# Work order
Return each record unchanged and drop the images.

(Recorded data)

**********

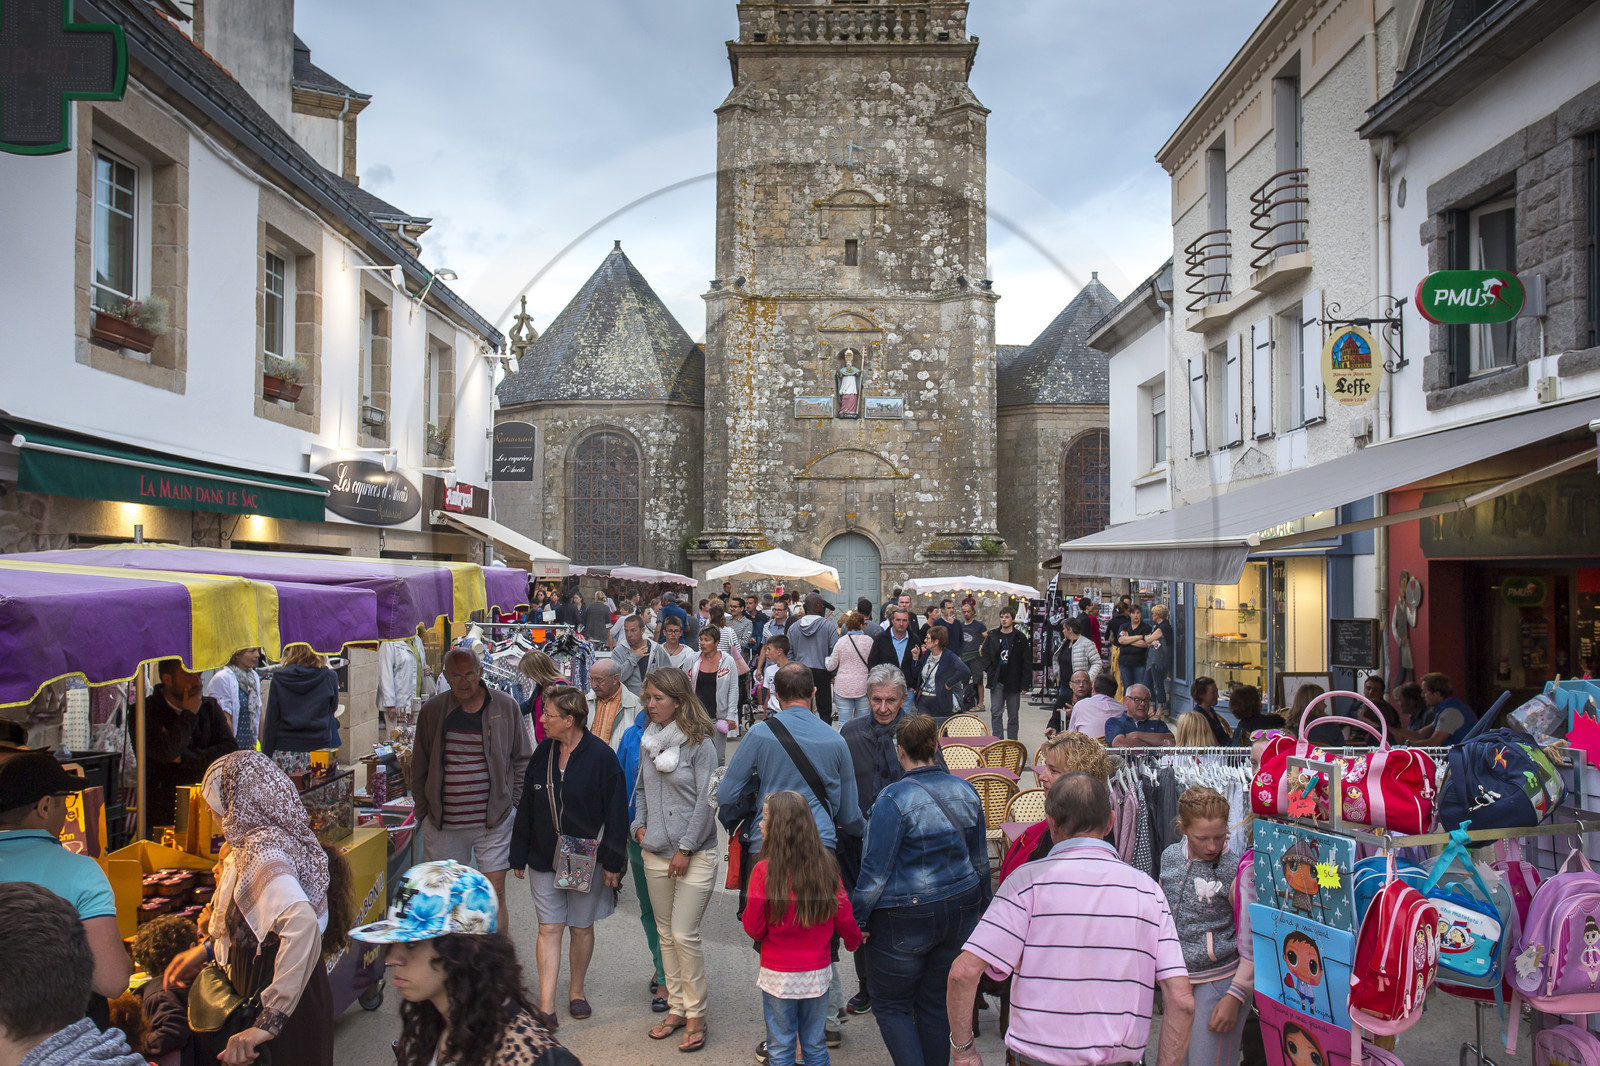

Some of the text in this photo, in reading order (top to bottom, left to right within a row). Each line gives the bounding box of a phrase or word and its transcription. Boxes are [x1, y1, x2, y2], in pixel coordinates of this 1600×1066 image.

[1434, 288, 1481, 307] PMU
[1334, 377, 1371, 397] Leffe
[495, 453, 533, 464] Les caprices
[140, 474, 259, 509] LA MAIN DANS LE SAC
[332, 462, 351, 493] Les
[351, 480, 380, 503] caprices
[363, 878, 379, 917] BON

**********

# Answer space
Some of the text in this photo, in reading order (top to bottom, left to right within a row). Each line gives the bounding box of a phrase or word and its transcription. Boxes are [x1, y1, x2, y2], in pixel coordinates of this 1600×1066 image.

[1434, 288, 1481, 307] PMU
[1334, 377, 1371, 397] Leffe
[495, 453, 533, 464] Les caprices
[140, 474, 259, 509] LA MAIN DANS LE SAC
[332, 462, 351, 493] Les
[351, 480, 380, 503] caprices
[363, 878, 379, 917] BON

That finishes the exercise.